The house is a brick colonial in Rust Belt suburbia, on a street canopied by maple trees. A great place to be a kid, wearing whirligig maple keys on the end of your nose. Not such a great place to be, shall we say, a righteous babe.
I used to be very angry about this. Back in 2003, I wrote:
Some friends and I started a gay student group at my upstate New York school in 1993 after the big gay march on Washington. We called it Visibility. Little did we realize how visible we'd be.
I was name-called, threatened and chased home; my locker was defaced and my home prank-called; and near the end of my senior year, a carload of boys tried to run me over, swerving to swipe at me in the shoulder of the road, shouting "Dyke!" as I hastily scaled a nearby tree.
I made the Great Queer Migration to New York City in 1995, or as soon as I possibly could, and have lived here ever since, ensconced in my big queer tribe.
It's a common queer narrative, from Molly Bolt to Michael Tolliver: Queer person flees small town, migrates to big city, finds tribe. I hope some smartypants out there is studying queer migrations, because I would love to see some sexy statistics. How ironic to think that in growing up small-town queer, so often in apparent isolation, we are actually participating in collective, community experience.
And yet I worry that we romanticize this story, elevate it to the status of myth. This is problematic for three reasons:
- The great queer migration myth is classist. Not everyone can afford to flee to the city.
- Not everyone chooses to flee. This myth discounts those who stay, disregarding their agency. Why must we trade nature for queer culture? Why must being queer mean hearing your neighbor sneeze?
- It's snobby. It assumes small-town prejudice, when often small towns allow for people to know each other beyond the subcategory-of-a-subcategory identities so enamored by urbanity. Big city people are just as provincial, just about their own urban provinces.

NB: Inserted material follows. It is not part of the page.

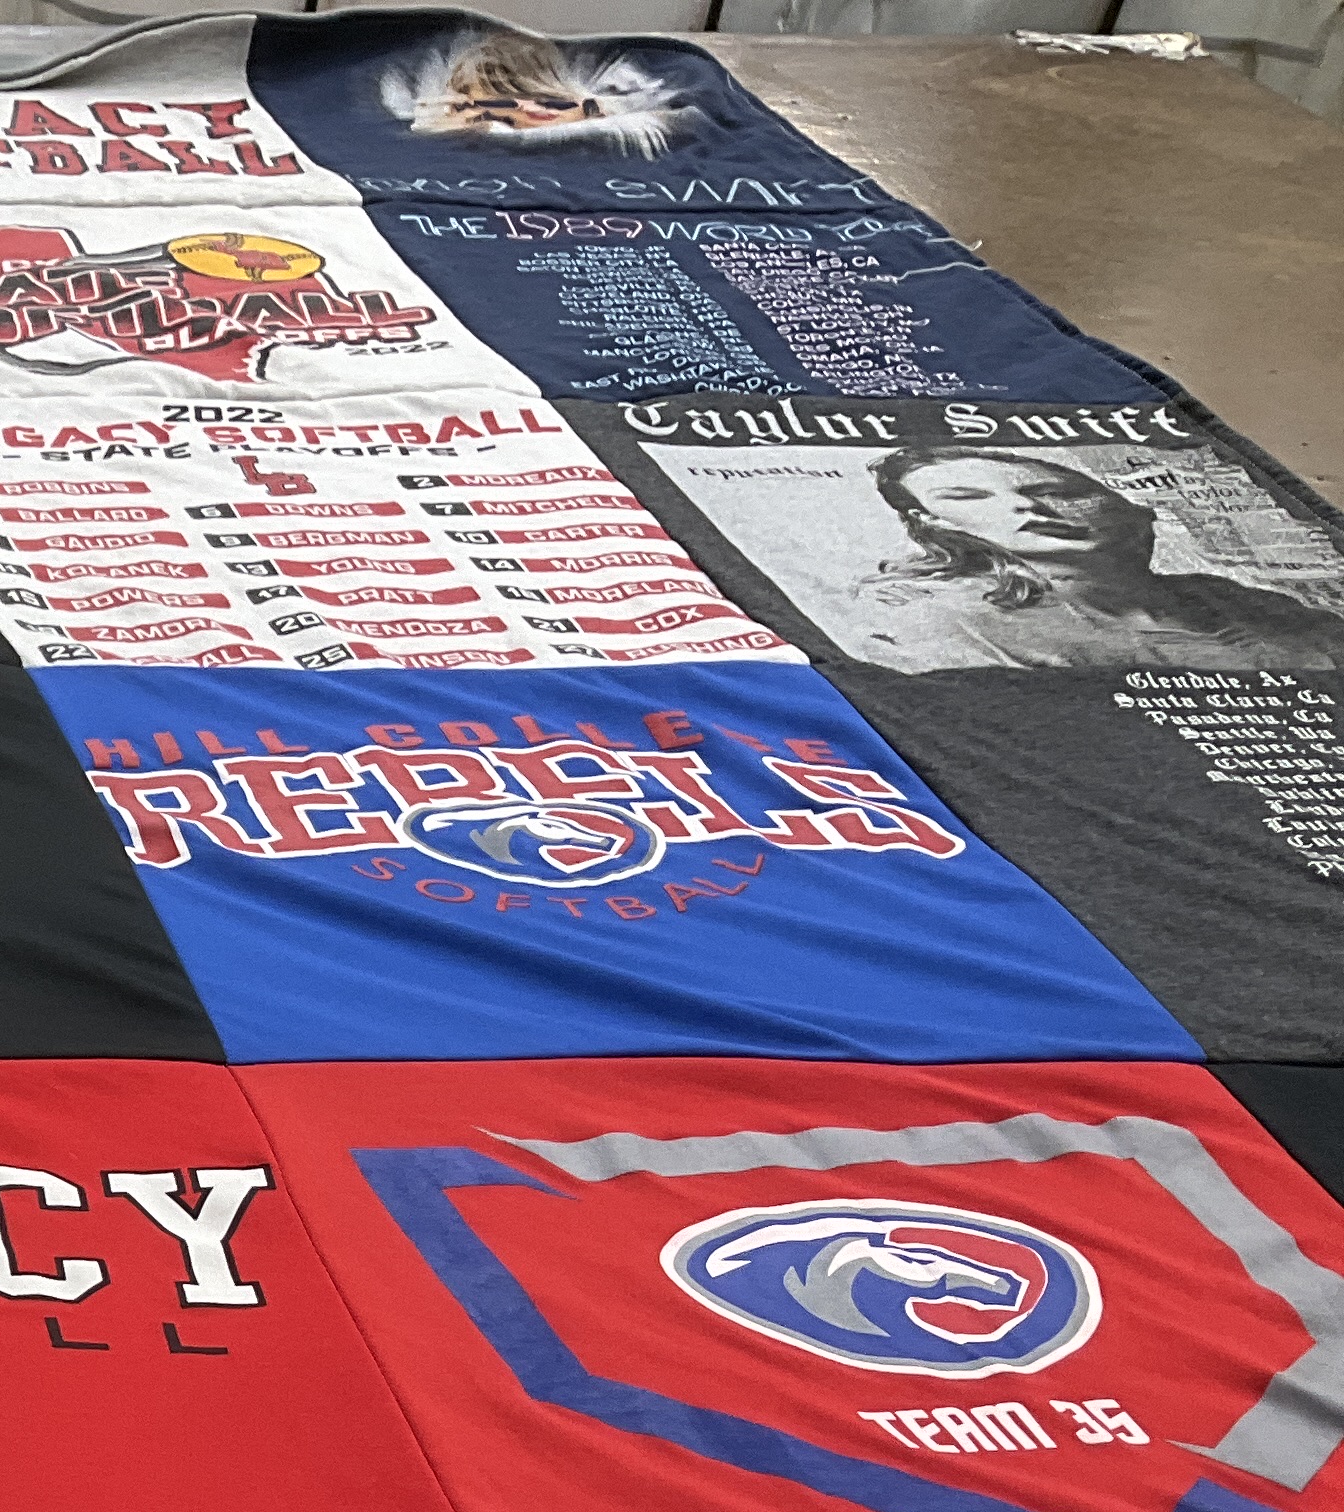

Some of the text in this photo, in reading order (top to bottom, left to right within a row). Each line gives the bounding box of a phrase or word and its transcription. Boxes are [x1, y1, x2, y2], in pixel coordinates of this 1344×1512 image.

After my own migration, I held onto my anger for a long time. I used to wish my family would sell the house and start over in a new town. A decade ago this would have been a dream come true.
But I learned to appreciate and honor what I love about that tree-lined street, that river town, the people I grew up with. I took lots of long beautiful walks, had lots of great conversations. Maybe this sounds corny, but it wasn't; it was work, and it was worth it.
And that's what bugs me most about the queer migration narrative: I don't hear any healing in it, just fleeing. What about what we leave behind, back home?
Just as I learn to love my hometown, our family is leaving. I feel like I showed up just as the party let out. In a way, this compounds the loss of the house, the memories let loose.
So this weekend will be my last visit. Honestly, I can't imagine it: pulling the heavy green door shut, turning my small brass key in the lock. Walking down the driveway for the last time, standing under the bare trees, not seeing them into another season. Just walking away, finally, from all this.